In-office ancillary services
“In the interests of patient convenience,” the interim final rule allows physicians to provide crutches, canes and other ambulating devices needed “to depart the physician’s office” as well as blood glucose monitors. The physician or group practice must meet the DME supplier standards.
Academic medical centers
Services provided by an academic medical center are now excluded from the referral prohibition. The referring physician must be a full- or “substantial” part-time employee of the medical center with a faculty appointment at the affiliated medical school.
SUMMARY – NEXT STEPS
In several sections of the publication, HCFA stressed its desire to make these rules as flexible as possible. HCFA acknowledged that Congressional intent was to prohibit those financial relationships that could result in overutilization, and, therefore, changed the focus of the final rule toward that goal. The agency further acknowledged that some of the “provisions of the January 1998 proposed rule did not appear to address overutilization so much as other potential abuses, such as unfair competition.” This interim final rule redirects the focus back to overutilization.

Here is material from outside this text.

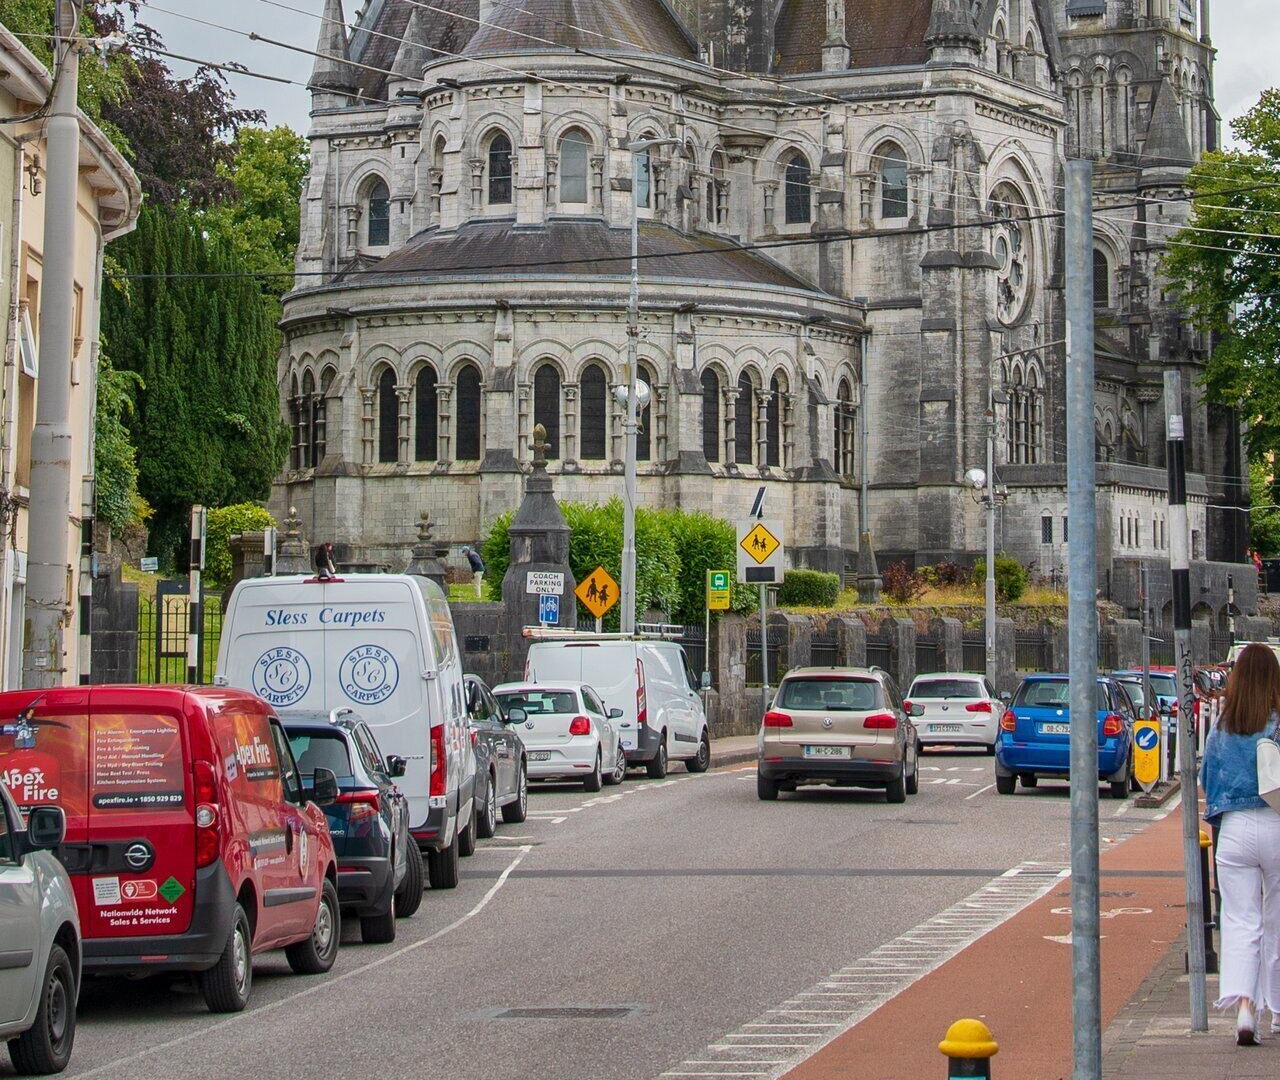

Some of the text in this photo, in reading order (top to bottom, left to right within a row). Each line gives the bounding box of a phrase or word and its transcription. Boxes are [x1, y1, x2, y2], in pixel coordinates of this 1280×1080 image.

Representative Stark has been mindful of the pitfalls of his legislation and has been critical of HCFA over its implementation. In a January 4, 2001, press release, Rep. Stark stated his belief that
The new regulations are a major improvement over earlier proposals. They protect patients and taxpayers while greatly reducing the hassle to providers. As the Justice Department and HHS Inspector General have said, this law has saved the public hundreds of millions of dollars – I would say billions – and prevented patient abuse. Ethical providers will have no trouble complying with these new regulations.

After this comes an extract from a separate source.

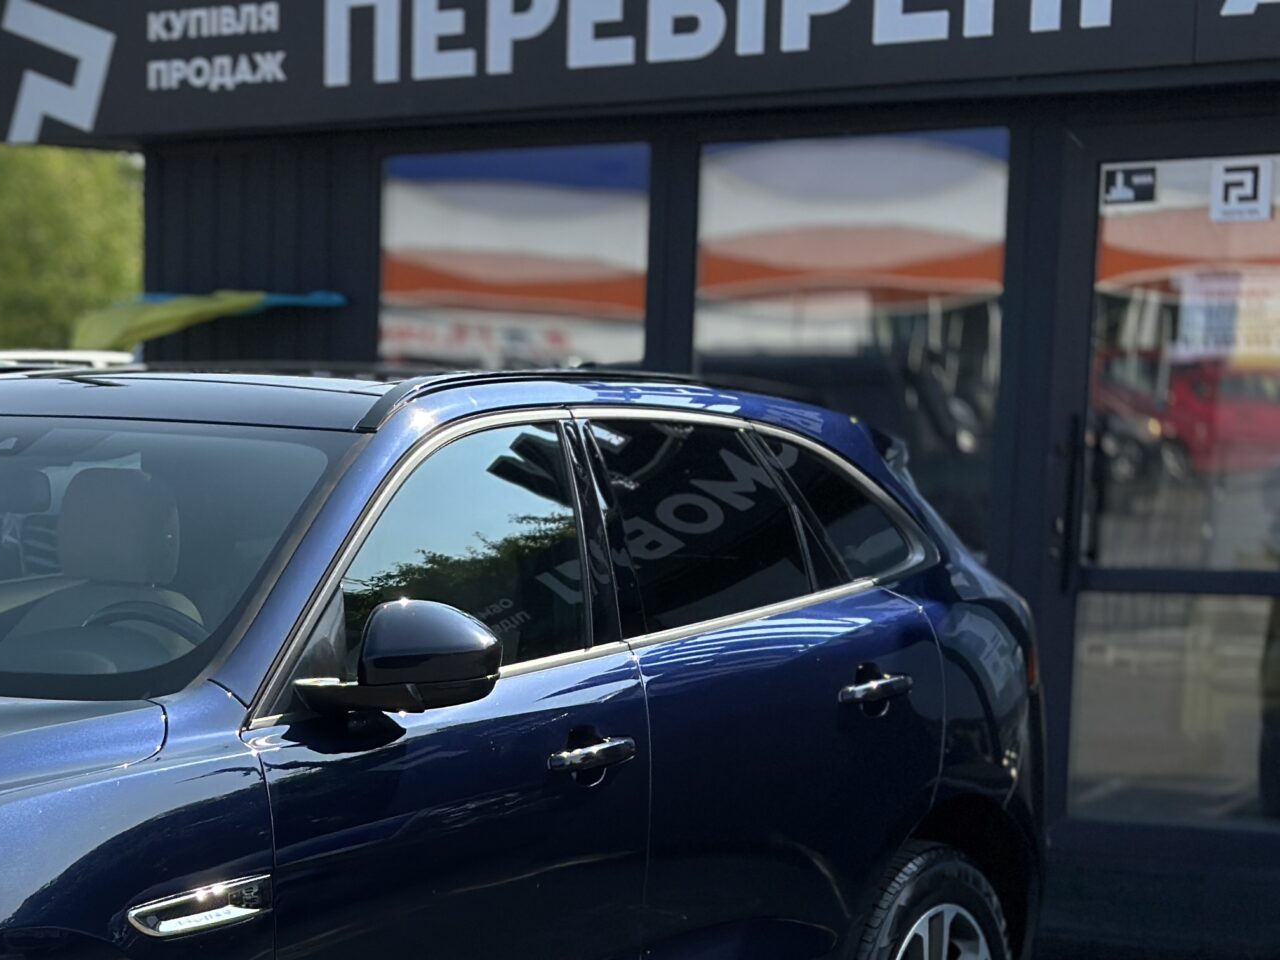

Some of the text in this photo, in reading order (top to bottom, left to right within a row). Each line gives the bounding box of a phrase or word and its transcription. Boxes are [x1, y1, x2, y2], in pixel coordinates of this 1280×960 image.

The January publication is an interim final rule. Public comments will be accepted until April 4, 2001. In addition, HCFA states that this interim final rule is only “Phase I,” since it does not fully implement all of the law. HCFA plans to issue a final rule implementing the rest of the law in the near future. Since the preamble states that “Phase II” will include responses to any public comments about “Phase I,” it is likely that “Phase II” will be published well after April.
Notwithstanding the regulatory exception for compliance training offered to physicians by a hospital, providers should be cautious when conducting training sessions for physicians. To avoid any possible violation of the Antikickback Statute—a federal criminal statute—the training should be closely connected to the hospital’s policies. For example, a hospital that provides coding training to nonemployee physicians should directly connect that training to the hospital’s coding policies. The training session should not be a general session about CPT codes and HCPCs. To do so could lead the government to conclude that physicians are gaining an economic benefit—free coding information that would be useful to the physician in other settings—thereby inducing referrals to the hospital, which would violate the Antikickback Statute.
While most of this interim final rule is not effective until next year, providers should begin to take a close look at their arrangements to ensure that they are, at a minimum, on the road toward compliance. Entities currently relying on, or considering relying on the group practice exceptions should have their structures, compensation formulas and compliance plans reviewed by legal counsel to ensure compliance with these rules and to consider the options and advantages remaining to them under the "single legal entity" provision of the Rules. Other issues to consider, for example, is whether, in a group practice setting, there is a centralized billing function. In addition, do entities providing DHS have sufficient knowledge of their referring providers to ensure against indirect financial relationships? These and other questions should be incorporated into each provider’s compliance program.